The only way around this is to book an all-inclusive package to Egypt. Not only are the prices usually lower but, in the case of cut-price cruises, the agency guarantees the reliability of the boat. The best deals are from Europe. Avoid booking through small hotels in Egypt: the hotels are not licensed as travel agencies so you will have no recourse if there are problems.
With the uncertain state of tourism at the time of writing, prices, which include all meals, entrance to monuments and guides, varied considerably; you should check prices with the company before you book.
Between Luxor & Aswan
M/S Sudan The Sudan was built as part of Thomas Cook’s steamer fleet in 1885 and was once owned by King Fouad. It was also used as a set in the film Death on the Nile. It has been refurbished and offers 23 cabins, all with private bathroom, air-con and access to the deck. It’s unusual in that it has no pool, but it’s also unique because it has so much history and character, something sorely missing on most cruisers. Its configuration means it cannot moor to other cruisers, so night-time views are good. There is a choice of three- and four-night cruises. Note that the management does not accept children under seven.
M/S Philae The award-winning Philae is the best of the modern cruisers currently operating on the Nile and has had a thorough refit. It is also one of the most expensive. It has 18 cabins and four suites, all with large picture windows that open. It runs four- and six-night cruises between Luxor and Aswan. It has an excellent kitchen, a gym, library and all the sophisticated touches you would expect, including a spa and treatment rooms.

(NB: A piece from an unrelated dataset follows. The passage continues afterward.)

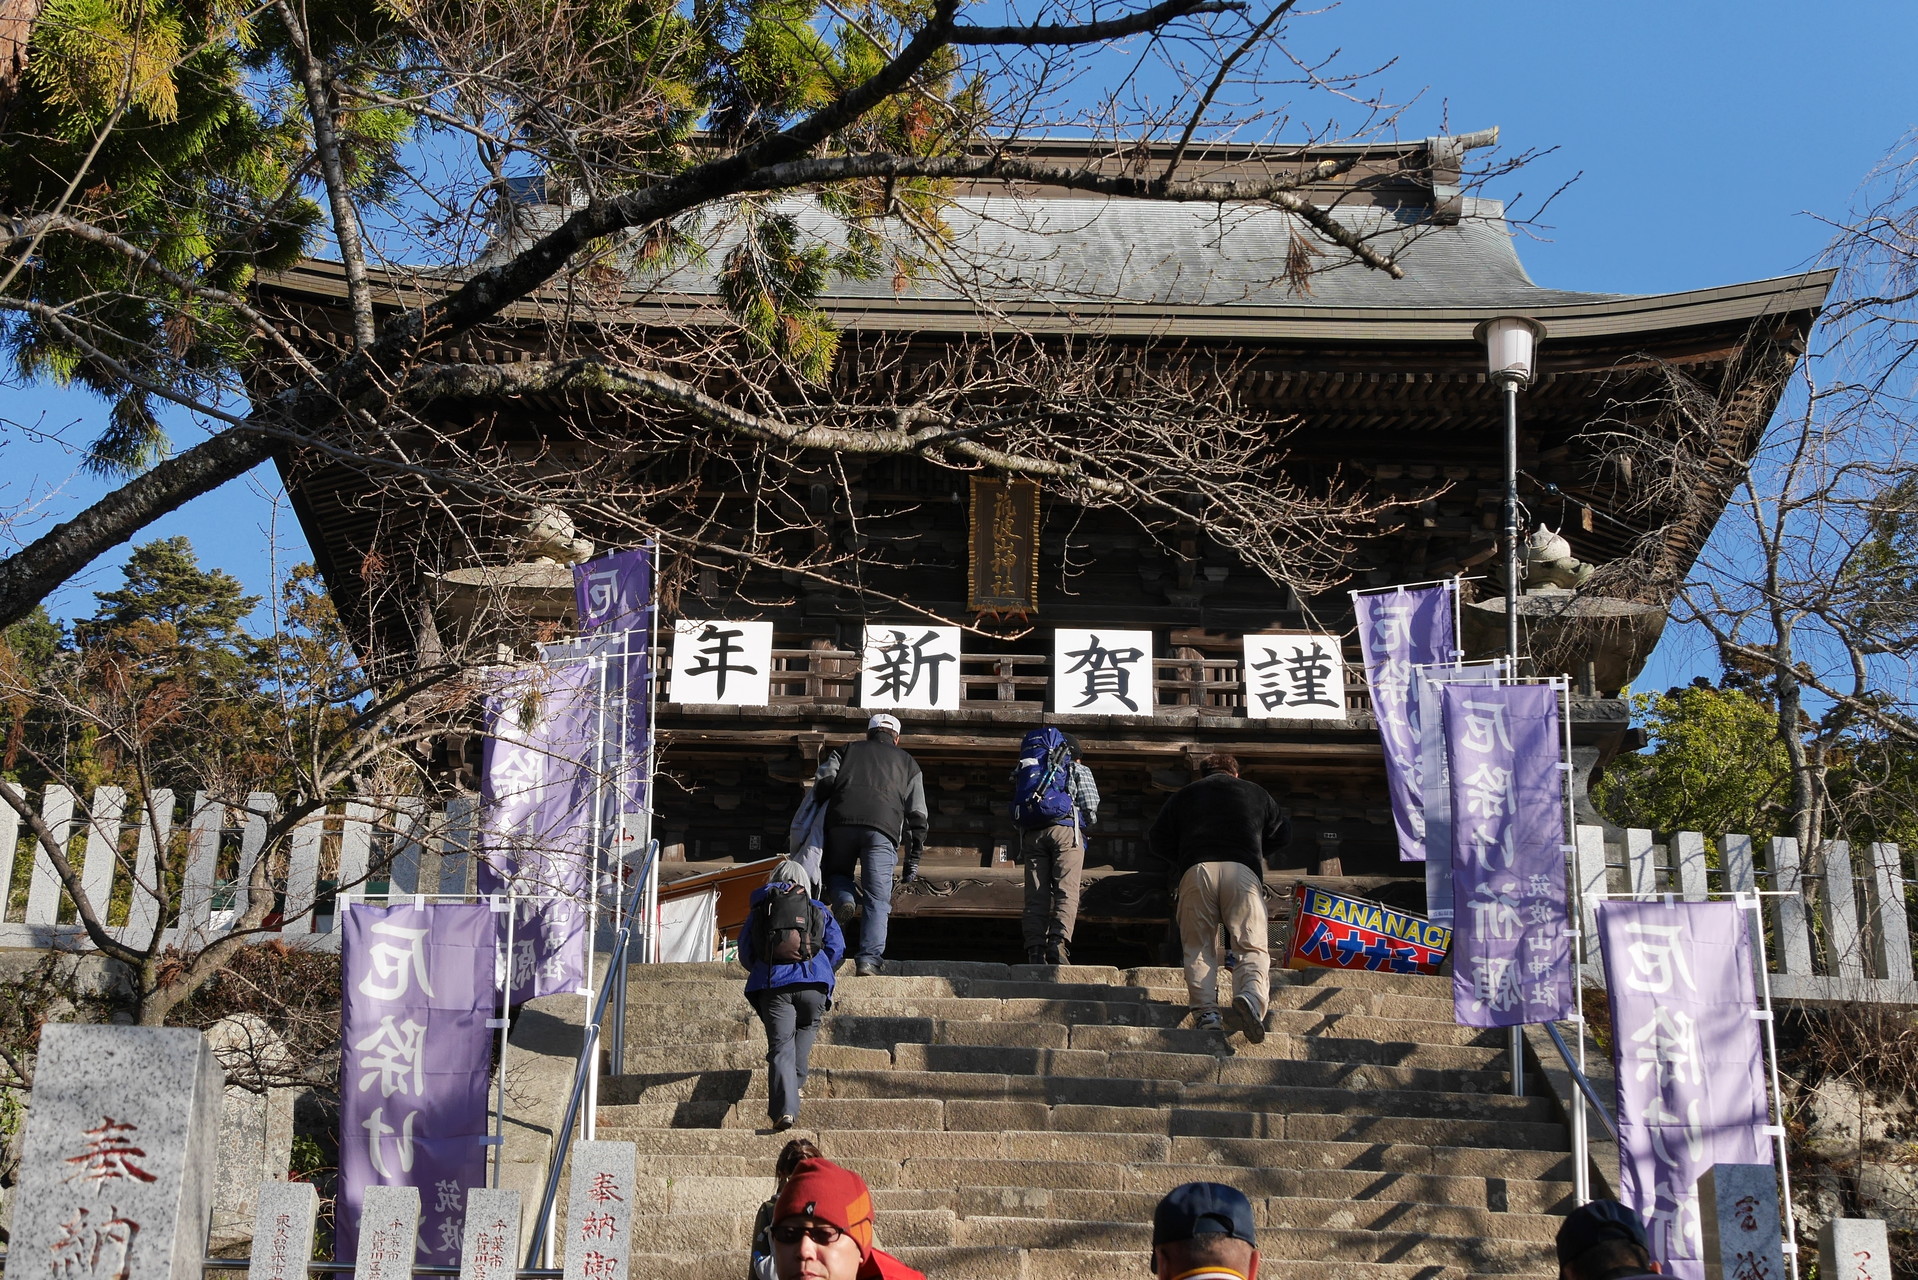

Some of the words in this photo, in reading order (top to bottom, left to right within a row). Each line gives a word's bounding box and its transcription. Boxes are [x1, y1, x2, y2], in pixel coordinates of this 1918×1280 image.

M/S Sun Boat III Sanctuary's most intimate cruiser, the beautiful Sun Boat III has 14 cabins and four suites decorated in contemporary Egyptian style, and all pretty as a picture. The seven-night itinerary includes visits to Dendara and Abydos. Dinner on board is à la carte or a set menu with two European choices and one Egyptian. There’s also the option of in-room dining. The boat is impeccably run and operates a no-mobile-phone policy in public areas. Facilities include a pool and exercise machines. Sanctuary boats, formerly owned by Abercrombie & Kent, also include the larger M/S Sun Boat IV, which runs between Cairo and Aswan when water levels permit. All Sanctuary boats have excellent Egyptologists as guides and private mooring docks in Luxor, Aswan and Kom Ombo.
M/S Viking Ra Viking stripped the Ra back to its shell and rebuilt it in 2017. Most of the 24 suites open onto small verandahs and the ship has all the facilities of a good hotel, including a spa. It is currently only available as part of a 12-day Egypt itinerary.
M/S Darakum Spacious and top-end, though not super-luxurious, the Darakum has 44 cabins and eight suites, plus a swimming pool. The decor is more 1970s than New Kingdom and you have to be quick to get a sunbed, but food and service is good, as you would expect from Mövenpick, who operate the boat.
Of the handful of boats currently cruising on Lake Nasser, a few stand out above the rest.
Ta Seti Something different: Tim Baily worked in safaris south of the Sahara before setting up African Angler, the first company to run Lake Nasser safaris. He has a staff of skilled guides, expert in the flora, fauna and fish life of the lake, and owns several styles of small boat. Two-cabin houseboats have toilet and shower, the two-bunk safari boats are more basic, while the mothership carries the kitchen and supplies. Cruises can be from one to seven nights and can start from Aswan or Abu Simbel.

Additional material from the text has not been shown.